[whatwg] Video feedback

> -----Original Message-----
> From: whatwg-bounces at lists.whatwg.org [mailto:whatwg-
> bounces at lists.whatwg.org] On Behalf Of Eric Carlson
> Sent: Wednesday, June 08, 2011 9:34 AM
> To: Silvia Pfeiffer; Philip J?genstedt
> Cc: whatwg at lists.whatwg.org
> Subject: Re: [whatwg] Video feedback
> 
> 
> On Jun 8, 2011, at 3:35 AM, Silvia Pfeiffer wrote:
> 
> >> Nothing exposed via the current API would change, AFAICT.
> >
> > Thus, after a change mid-stream to, say,  a smaller video width and
> > height, would the video.videoWidth and video.videoHeight attributes
> > represent the width and height of the previous stream or the current
> > one?
> >
> >
> >> I agree that if we
> >> start exposing things like sampling rate or want to support arbitrary
> >> chained Ogg, then there is a problem.
> >
> > I think we already have a problem with width and height for chained
> > Ogg and we cannot stop people from putting chained Ogg into the @src.
> >
> > I actually took this discussion away from MPEG PTM, which is where
> > Eric's question came from, because I don't understand how it works
> > with MPEG. But I can see that it's not just a problem of MPEG, but
> > also of Ogg (and possibly of WebM which can have multiple Segments).

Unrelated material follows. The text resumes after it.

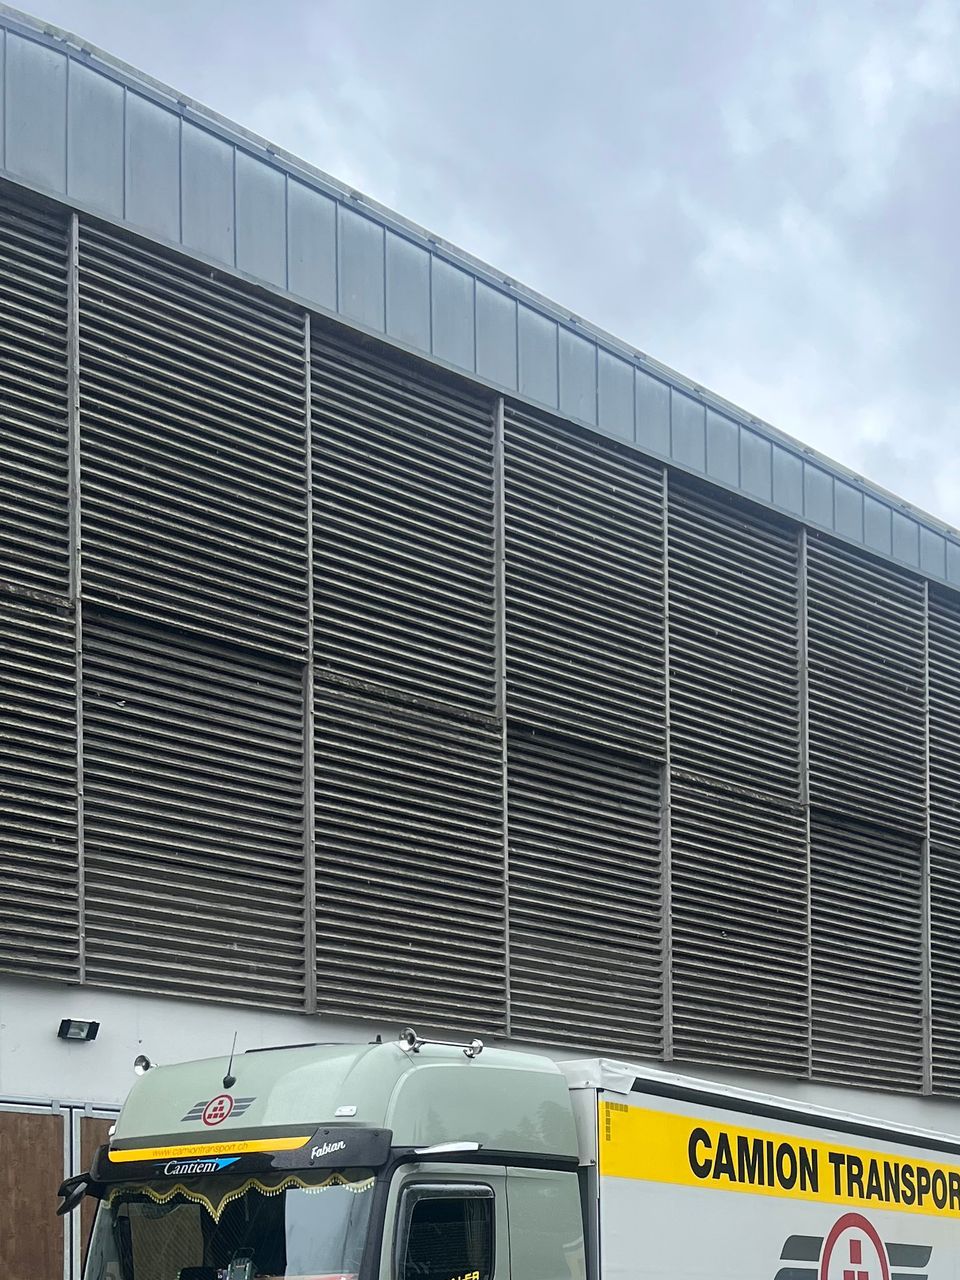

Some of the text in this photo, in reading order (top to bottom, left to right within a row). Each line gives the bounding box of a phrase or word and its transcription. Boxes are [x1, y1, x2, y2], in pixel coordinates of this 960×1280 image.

> > So, I think we need a generic solution for it.
> >
>   The characteristics of an Apple HTTP live stream can change on the
> fly. For example if the user's bandwidth to the streaming server
> changes, the video width and height can change as the stream resolution
> is switched up or down, or the number of tracks can change when a stream
> switches from video+audio to audio only. In addition, a server can
> insert segments with different characteristics into a stream on the fly,
> eg. inserting an ad or emergency announcement.
> 
>   It is not possible to predict these changes before they occur.
> 
> eric

For commercial video providers, the tracks in a live stream change all the time; this is not limited to audio and video tracks but would include text tracks as well.